Fervor within the Canadian government ascended to an even higher pitch. Already stung by the embarrassing incident involving the mystery ship Atlanta, Coast Guard and military officials within the government showed particular wrath. The nationalistic Prime Minister, his popularity waning, quickly pounced on the incident for political gain. The rescued scientists Bue, Case, and Quinlon were feted as guests at the Prime Minister’s residence on Sussex Drive in Ottawa, then trotted before the television cameras to once more describe the destruction of the ice camp at the hands of the Americans. With a calculated show of anger, the Prime Minister went so far as to denounce the incident as a barbaric act of war.
“Canadian sovereignty will no longer be violated by foreign transgressions,” he shrieked to the cameras.

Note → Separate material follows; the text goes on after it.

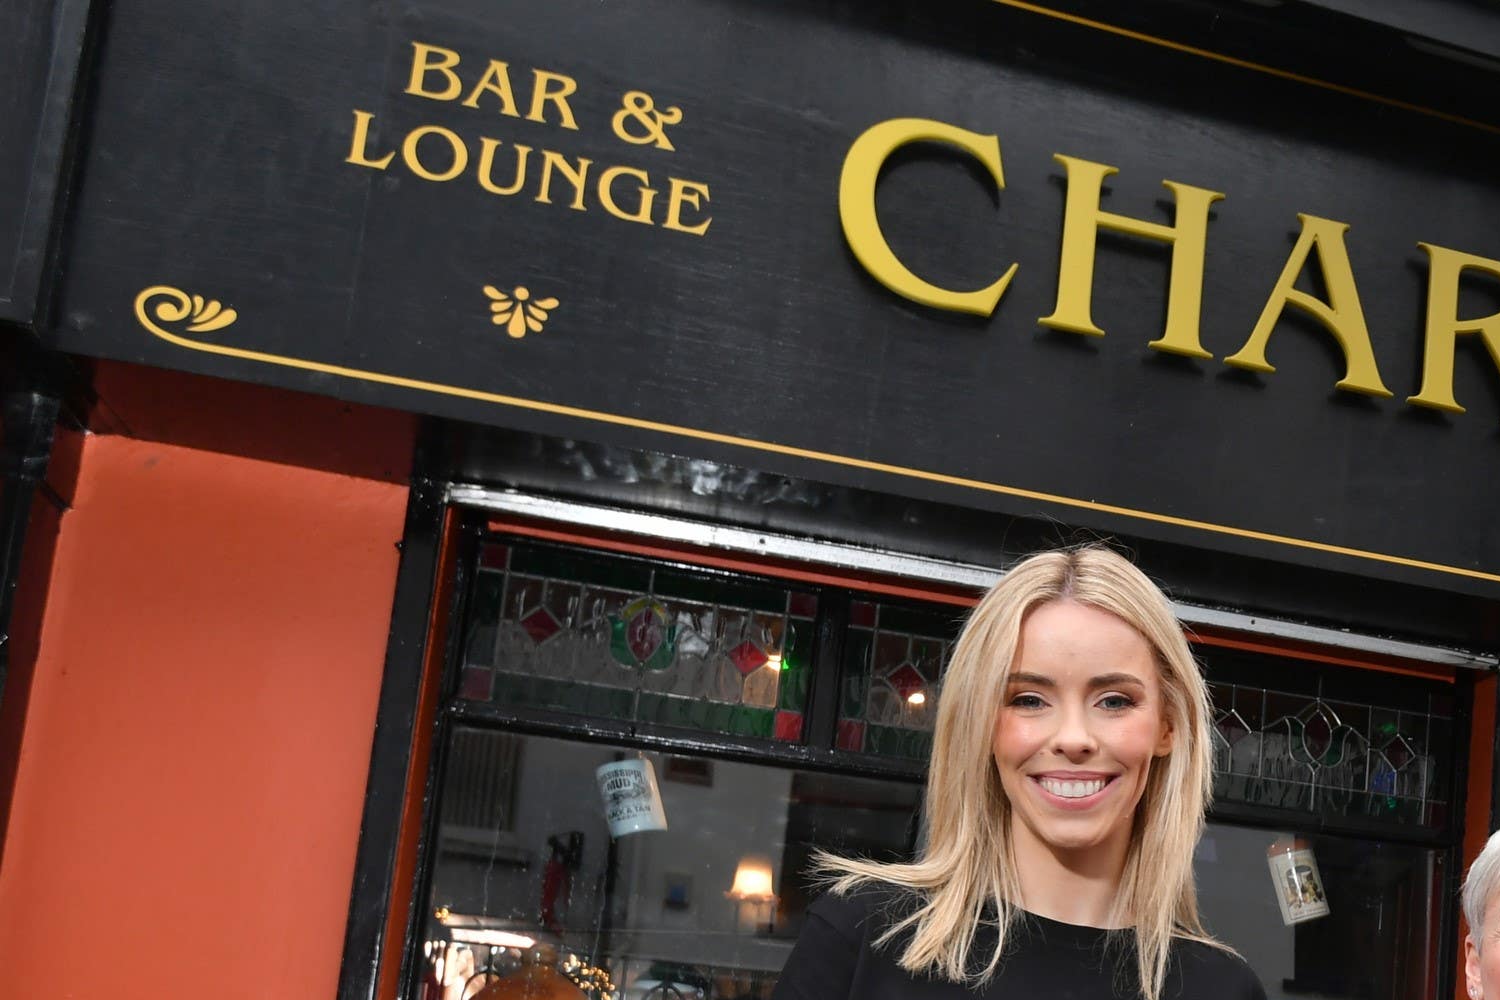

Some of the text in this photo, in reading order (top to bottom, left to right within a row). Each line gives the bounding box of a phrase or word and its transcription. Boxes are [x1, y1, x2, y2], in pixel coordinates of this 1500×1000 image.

With an angry Parliament buttressing his rhetoric, he ordered additional naval forces to the Arctic, while threatening to close the border and shut off oil and gas exports. “The great nation of Canada shall not be bullied. If protection of our sovereignty entails war, then so be it,” he cried, his face turning beet red.
Overnight, the Prime Minister’s popularity soared in the polls. Witnessing the public reaction, his fellow politicians clamored before the media to strike anti-American pose. The story of the ice camp survivors took on a life of its own, propelled by a manipulated media and a self-serving national leader. It became a glory-filled tale of victimization and heroic survival. Yet somehow lost in every retelling of the tragedy was the role of the NUMA research crew and the daring rescue effort that had saved the three survivors.